Sean started for the stairs.

“Sean,” Katie said.

“What?” he turned to look at her, a hand on the banister.

“Danny Zigler is dead.”

Sean let out a long, low groan. “Do you happen to know who killed him? I mean, does he happen to know who killed him? Or where he is, for that matter?”

She shook her head. “He-he doesn’t really know how to be a ghost yet.”

Sean just continued up the stairs.

Katie sat back down at the table. Bartholomew perched on the edge of the table again, grinning. “Actually, your brother is not wretched. After all, he’s an O’Hara. They usually knew how to drink, and how to fight-and all in all, remain honest men!”

 

David was glad of the phone call when it came. He’d been reading computer screens for so long, his eyes were blurring. He was going to find the truth. Where Mike Sanderson had been and when.

Thanks to Liam-and the fact that everyone knew Pete tolerated him, and he’d gone to school with half the force-he was able to hang around the station and make use of it.

“David, it’s Sean.”

“Is everything all right?”

“Yeah, everything is fine.” Sean hesitated a minute. “I just wanted to check in. Any word on Danny? Katie is really worried about him. She thinks he might be dead.”

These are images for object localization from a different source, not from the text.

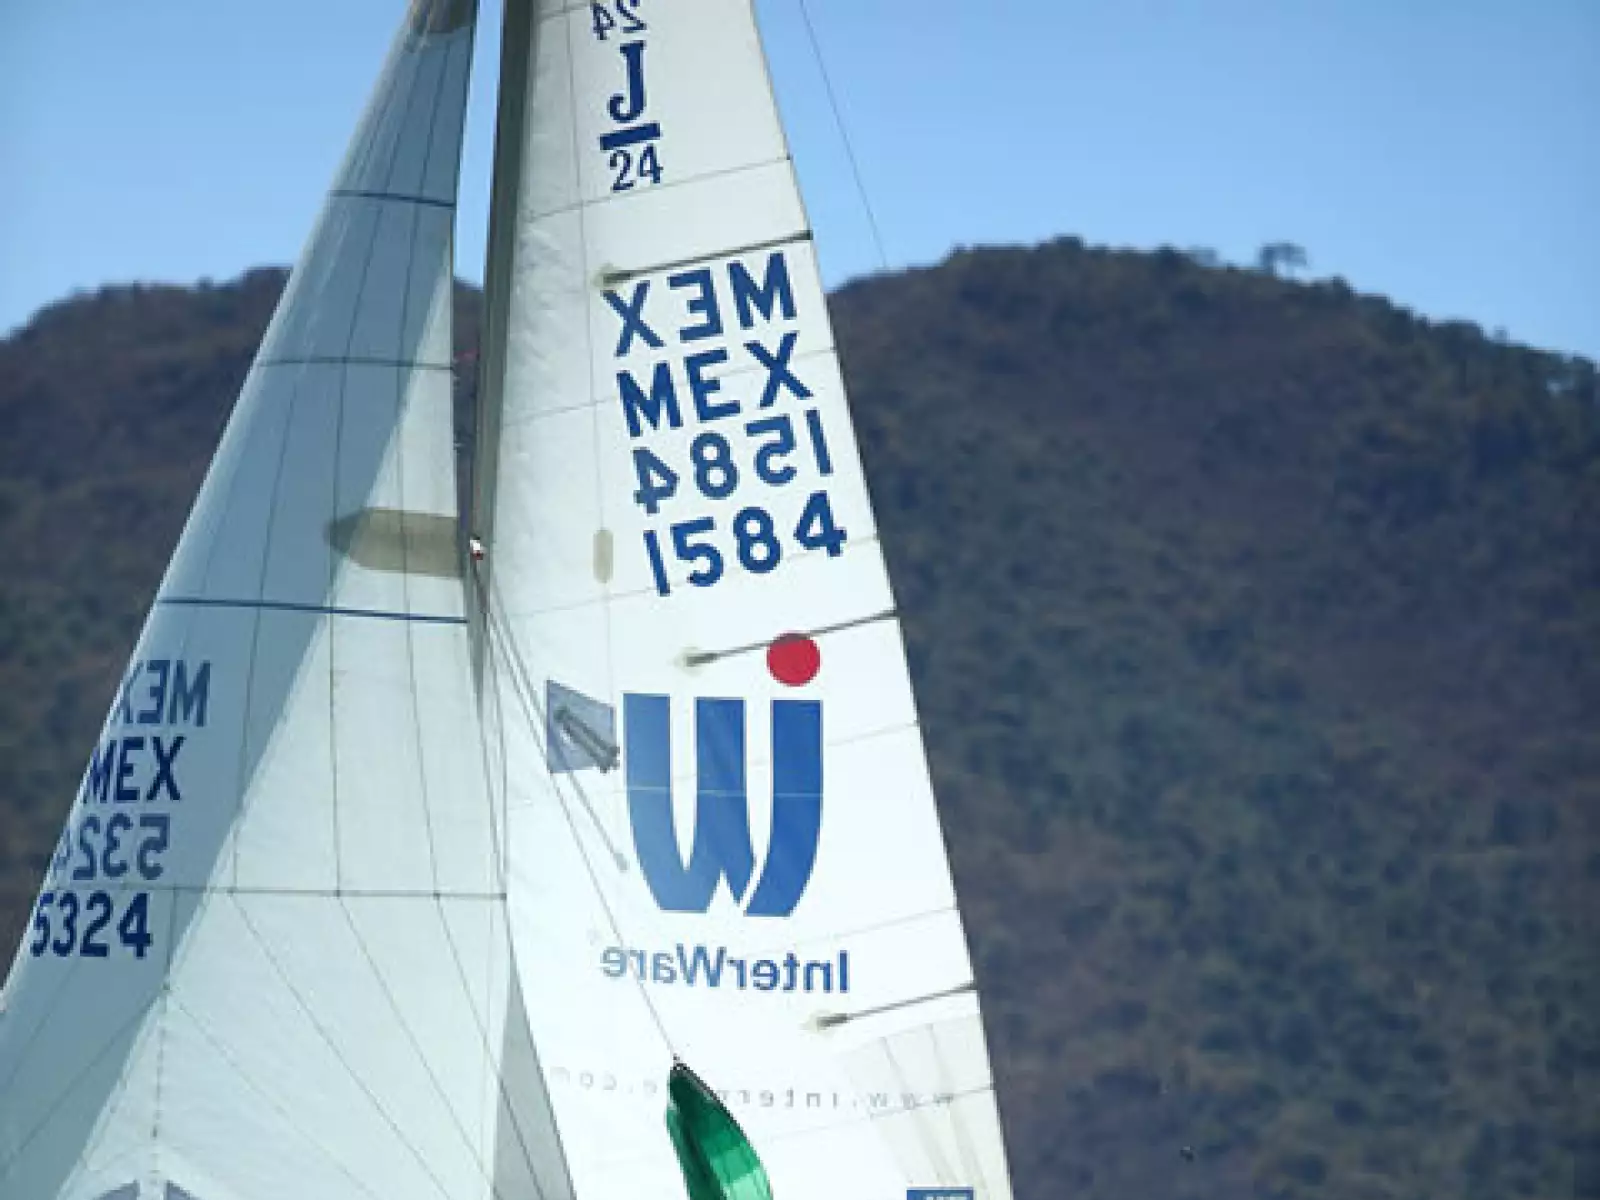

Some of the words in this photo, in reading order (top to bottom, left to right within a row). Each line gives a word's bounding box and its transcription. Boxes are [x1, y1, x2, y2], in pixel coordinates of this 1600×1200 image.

[608, 41, 647, 123] J
[609, 145, 664, 192] 24
[616, 330, 814, 438] MEX
[643, 490, 847, 598] 1584
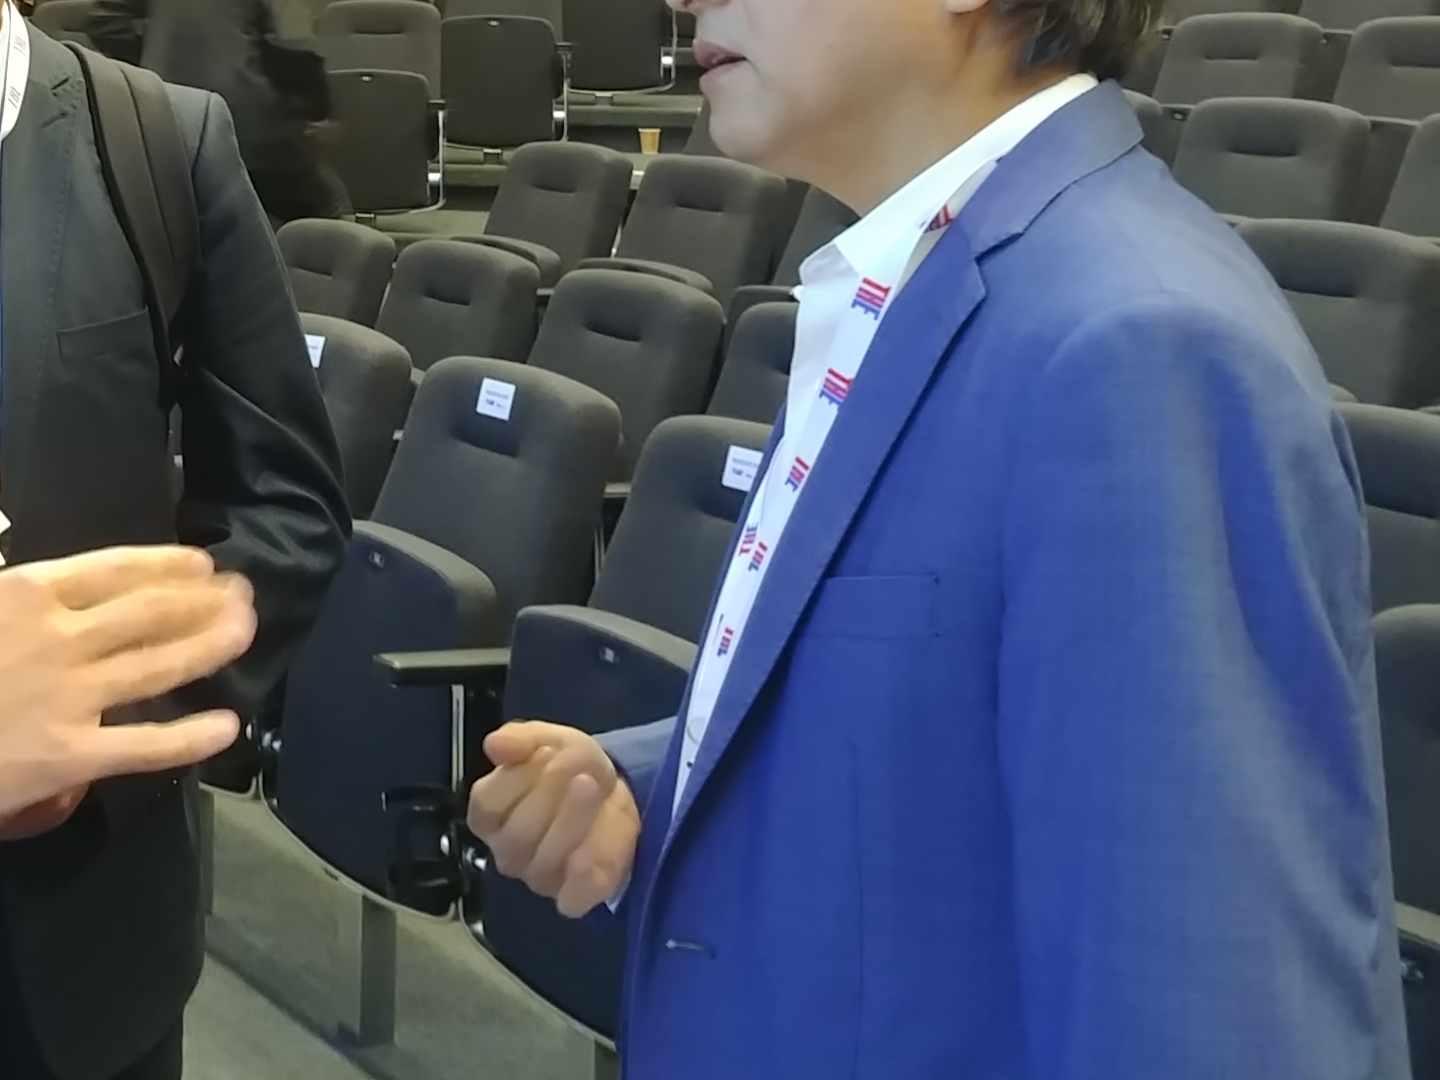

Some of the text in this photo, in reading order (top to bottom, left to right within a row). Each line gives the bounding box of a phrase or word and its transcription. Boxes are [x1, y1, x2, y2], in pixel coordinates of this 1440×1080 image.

David was quiet a minute. “I think he might be dead, too. I don’t think he could have been the killer. I think Pete does, though. He’s been out most of the day, hunting for Danny. I’m not sure if he thinks Danny was guilty, or if he’s angry that he’s disappeared. Or if he’s worried. He’s getting a search warrant for Danny’s place, and he’s going to serve it himself.”

“All right, well…I’ve known Danny a long time and I was just thinking about him.”

“Thanks.”

When he hung up, David stood and stretched. He closed the files and glanced at his watch. It was eight o’clock, and he was getting hungry. He thought about stopping for takeout, but decided that though he could call, he’d just walk back to Katie’s house and find out what she wanted to do for dinner.

What they wanted to do. Her brother was home now. Sean would be included.

He stuck his head into Pete’s office, where Liam was still working. “Do you ever go home?” he asked his cousin.

Liam looked at him bleakly. “I want to be on the street. Can’t-not with Pete out. Sure, I get to go home. I usually have it pretty easy. But, sweet Mother Mary, this is just not good. Fantasy Fest-in the midst of all this.” He sat back and tapped a pencil on the desk. “Mike Sanderson is back out there now, and Tanya’s brother is out on the street, as well. No one seems to care too much about Stella Martin, other than her friend Morgana. She’ll wind up in a pauper’s grave.”

“Did you follow through on the location where I found the charge card?”

“I did. Couldn’t find anything else. Here’s what’s sad, really sad. This guy is good. He doesn’t leave evidence. He leaves the bodies in an exposed place-seriously exposed. They’re posed almost as if he’s fooling around, as if he’s using the most bizarre local story. I talked to one of our police behavioral profilers today. He’s convinced that the killer has to be local and uses the scenarios to prove that he’s local, that this is his place.”